Soon it wasn’t just brain poison in his food. Hess believed that the British put a rash-inducing powder in his laundry, and that the Vaseline they gave him to treat the rash contained heart poison. He believed the guards added bone splinters and gravel to his meals to break his teeth. He attributed his sour stomach to their lacing his food with so much acid “the skin came loose and hung in little bits from my palate.” In desperation, he wrote, “I scratched lime from the walls in the hope that this would neutralize the other stuff but I was not successful.” When his stomach pains disappeared, it was because “my body readjusted” and so “they stopped giving me any more acid.”
In November 1941, Hess sent a letter asking for a meeting with the Swiss envoy in London, who he thought could intervene on his behalf. “I had hardly mailed the letter,” Hess recalled, “when again huge quantities of brain poison were put in my food to destroy my memory.” The Swiss envoy visited Hess, several times, and agreed to take samples of his medications for a laboratory analysis.
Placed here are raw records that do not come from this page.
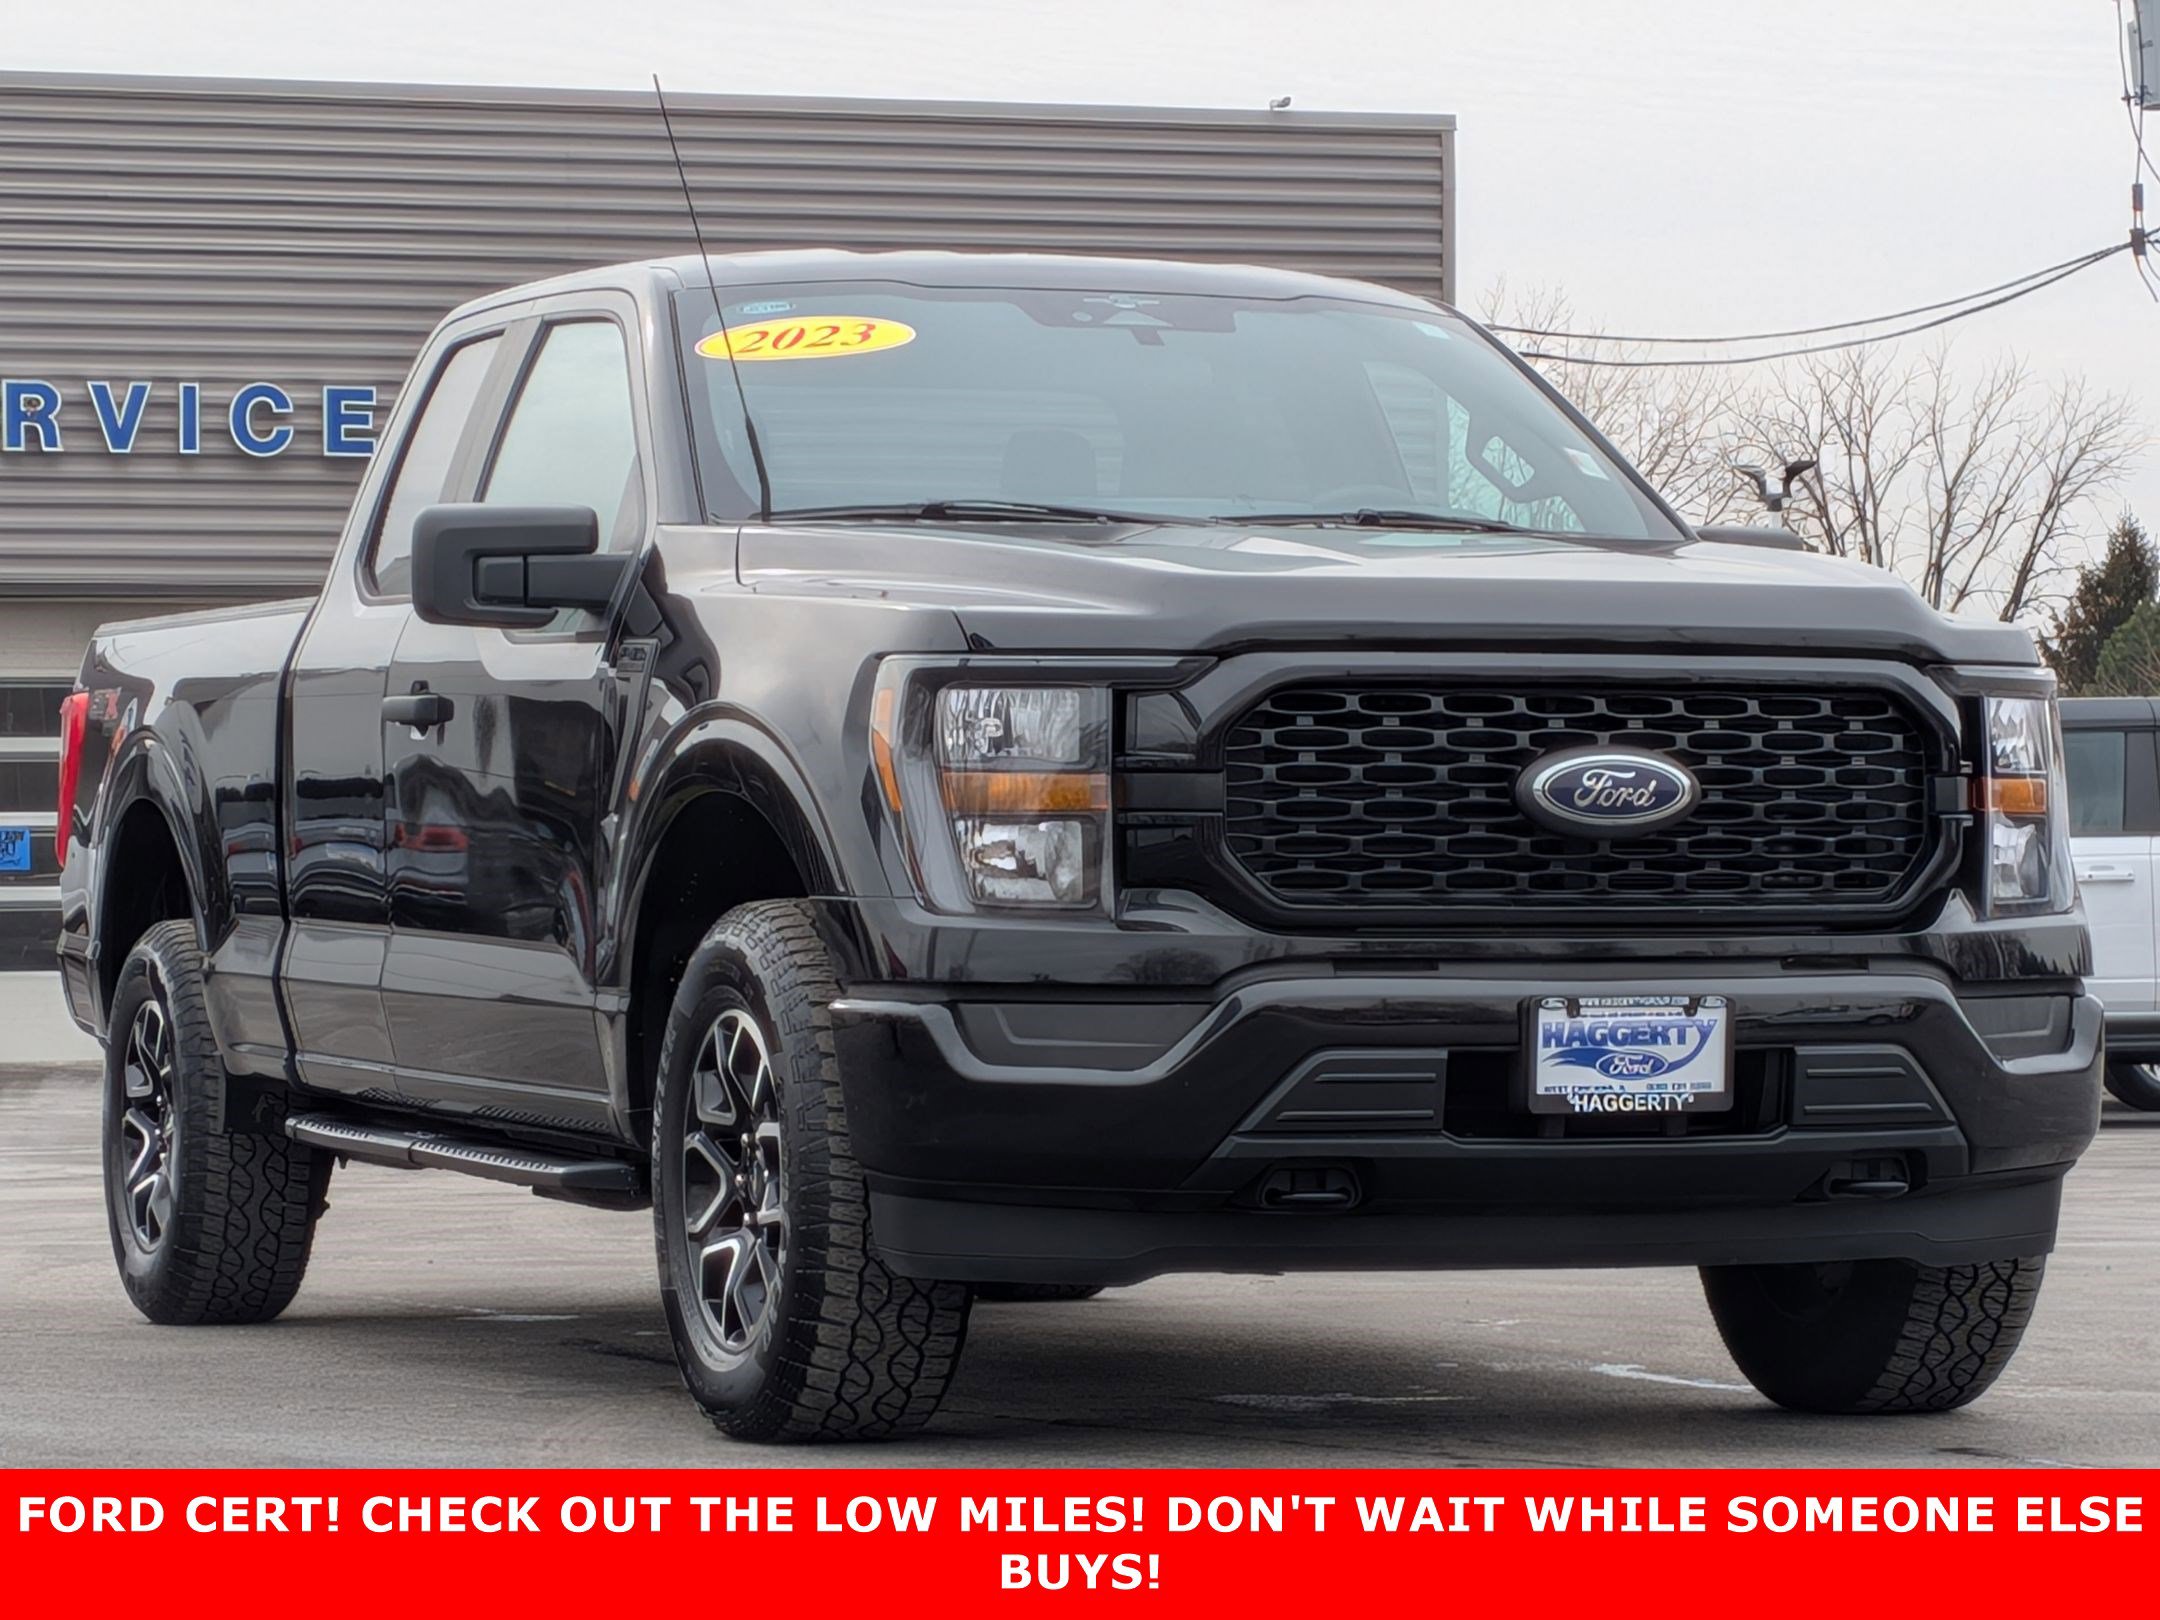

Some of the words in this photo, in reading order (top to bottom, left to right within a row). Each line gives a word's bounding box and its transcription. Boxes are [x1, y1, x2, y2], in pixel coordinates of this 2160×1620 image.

[735, 323, 876, 354] 2023
[2, 379, 377, 457] RVICE
[1573, 768, 1657, 808] Ford
[1541, 1018, 1718, 1049] HAGGERTY
[1608, 1053, 1654, 1075] Ford
[1573, 1093, 1685, 1113] HAGGERTY
When the tests determined that nothing was wrong, Hess concluded that “it was an easy matter for the secret service...to give orders that nothing should be found in them for reasons important to the conduct of the war.”
As the months passed, Hess tried twice to kill himself, by jumping over a staircase railing and by stabbing himself with a butter knife. His obsession with food was unrelenting. When the Swiss envoy visited in August 1943, Hess had lost 40 pounds. In November 1944, Hess petitioned the British for a “leave of absence” in Switzerland to restore his health. It was denied.
When Hess was transferred to Nuremberg in October 1945, he relinquished his food packets under protest and asked Kelley to make sure they were safe. Kelley determined that while Hess suffered from “a true psychoneurosis, primarily of the hysterical type, engrafted on a basic paranoid and schizoid personality, with amnesia, partly genuine and partly feigned,” he was fit to stand trial. More than half a dozen other psychiatrists, from Russia, France, England and the United States, agreed.
Most of the other Nuremberg defendants were sentenced to death, but Hess, convicted of two counts related to crimes against peace, was sentenced to life in prison.
Douglas Kelley Sr. concluded that the Nuremberg defendants represented not a specifically Nazi pathology, but that “they were simply creatures of their environment, as all humans are.” Kelley killed himself on New Year’s Day 1958, swallowing a cyanide capsule in front of his family. (Goering, too, had taken cyanide, after he was sentenced to hang.) Hess spent 40 years complaining of the food and his health at Spandau Prison in western Berlin before he succeeded at what he’d tried twice before. He hanged himself with an extension cord on August 17, 1987. He was 93.